* **WHAT IS NEEDED**: Go through the data and copy every line exactly, but not the images.

* **SUPPLIED ENTRIES**:

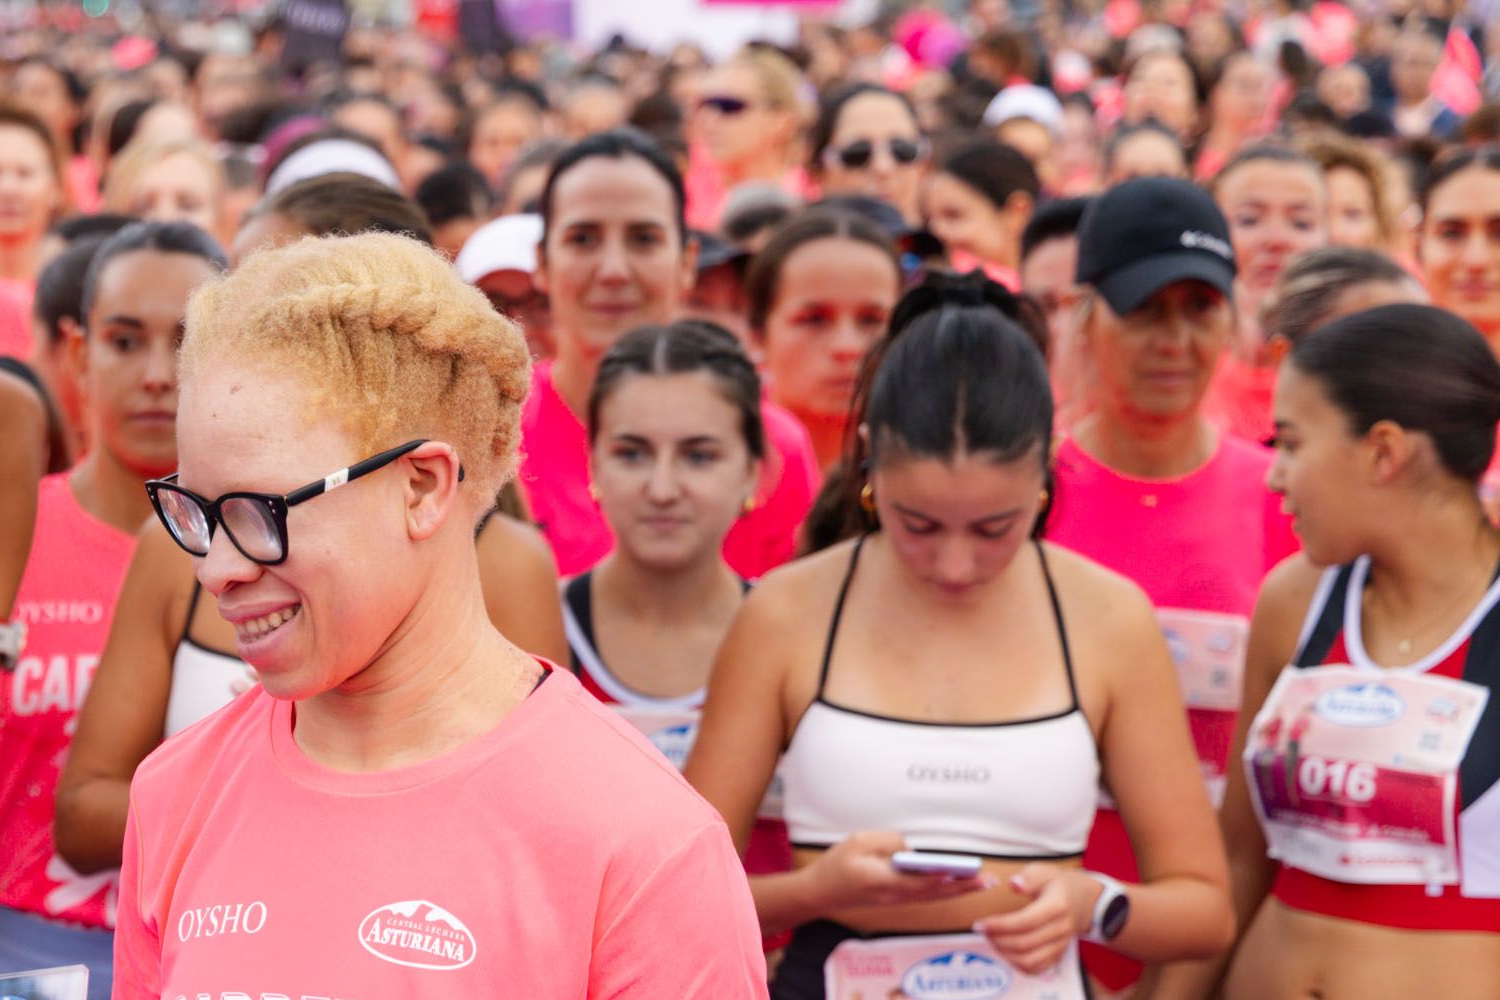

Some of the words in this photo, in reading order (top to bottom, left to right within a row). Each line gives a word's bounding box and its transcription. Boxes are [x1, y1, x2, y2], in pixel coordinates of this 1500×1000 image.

[20, 602, 102, 623] YSHO
[905, 762, 992, 783] OYSHO
[1299, 756, 1378, 802] 016
[178, 901, 268, 942] OYSHO
[386, 917, 423, 931] CENTRAL
[425, 924, 466, 942] LECHERA
[365, 917, 465, 962] ASTURIANA
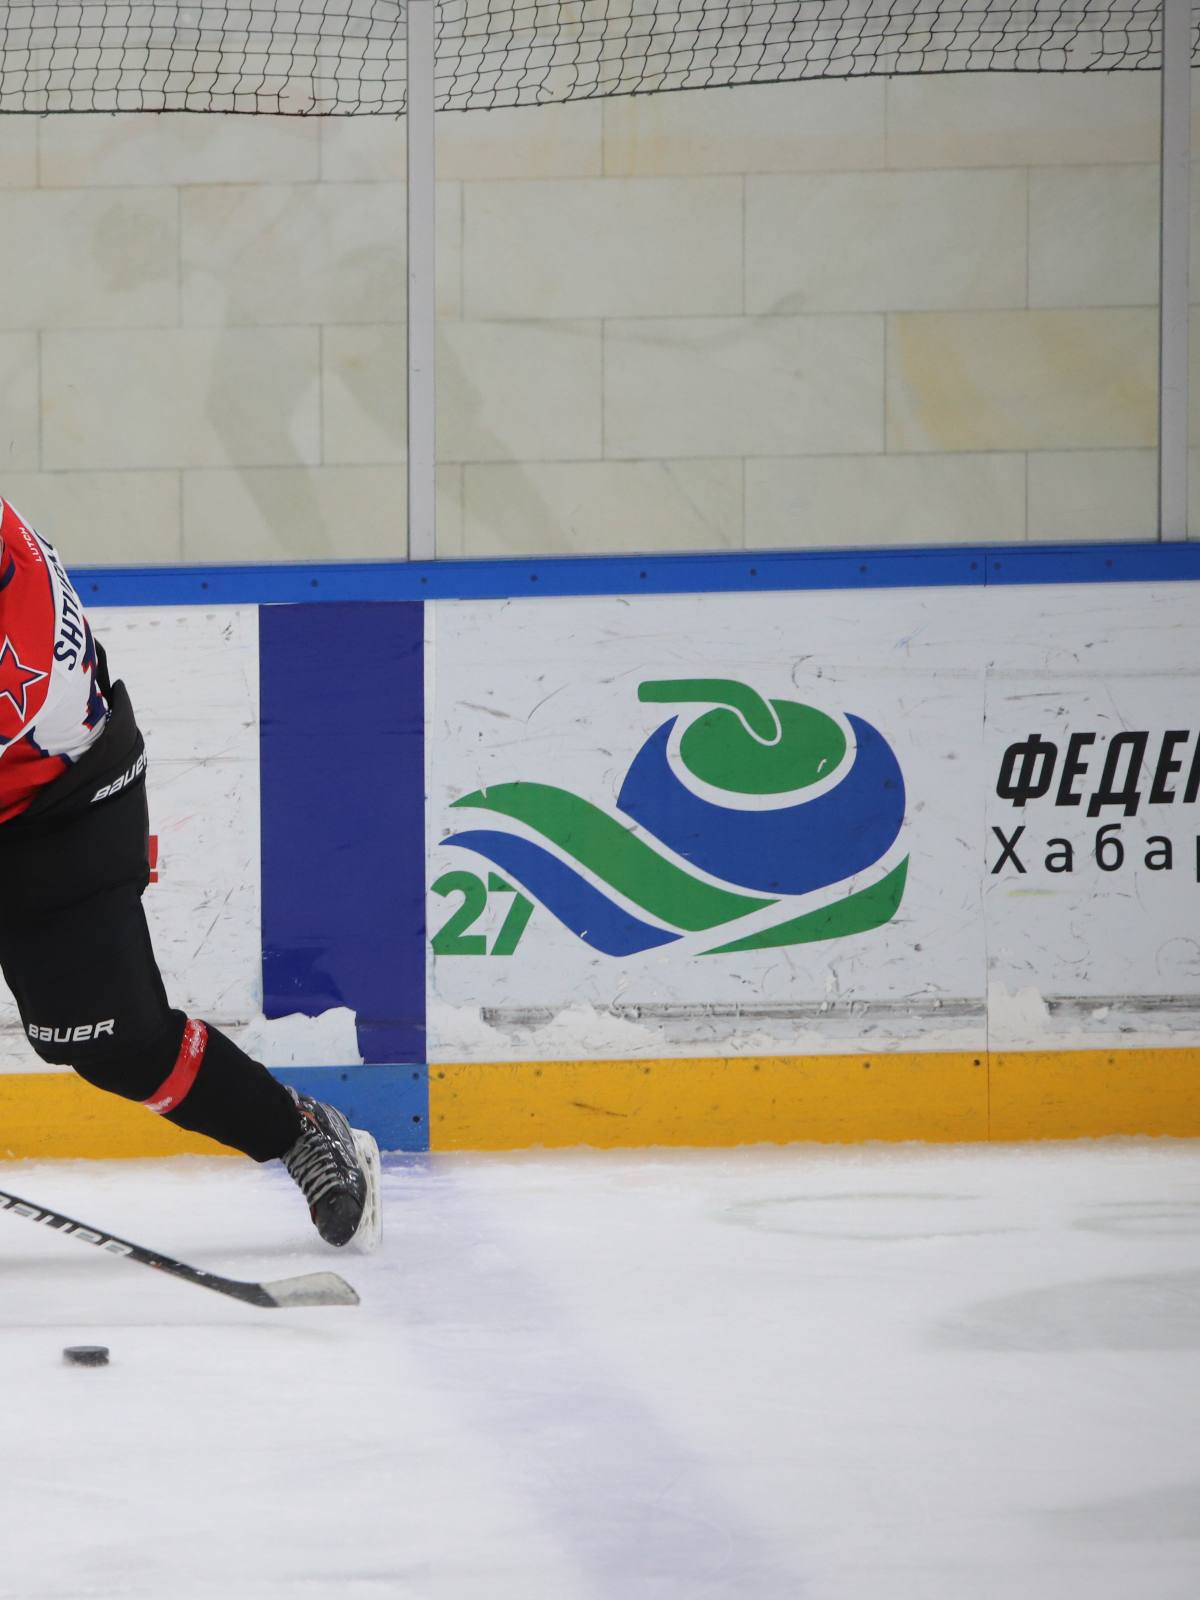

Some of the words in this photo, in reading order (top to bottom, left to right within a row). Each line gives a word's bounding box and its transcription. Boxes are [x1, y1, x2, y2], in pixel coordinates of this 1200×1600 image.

[18, 526, 42, 562] LUTCH
[995, 729, 1200, 818] ФЕДЕ
[990, 822, 1200, 883] Хаба
[429, 870, 536, 956] 27
[28, 1018, 116, 1043] BAUER

* **PROBLEM SOLUTION**:
Some of the words in this photo, in reading order (top to bottom, left to right within a row). Each line gives a word's bounding box and its transcription. Boxes are [x1, y1, x2, y2], in pixel coordinates of this 1500×1000 image.

[20, 602, 102, 623] YSHO
[905, 762, 992, 783] OYSHO
[1299, 756, 1378, 802] 016
[178, 901, 268, 942] OYSHO
[386, 917, 423, 931] CENTRAL
[425, 924, 466, 942] LECHERA
[365, 917, 465, 962] ASTURIANA

Some of the words in this photo, in reading order (top to bottom, left to right within a row). Each line gives a word's bounding box and its transcription. Boxes are [x1, y1, x2, y2], in pixel coordinates of this 1200×1600 image.

[18, 526, 42, 562] LUTCH
[995, 729, 1200, 818] ФЕДЕ
[990, 822, 1200, 883] Хаба
[429, 870, 536, 956] 27
[28, 1018, 116, 1043] BAUER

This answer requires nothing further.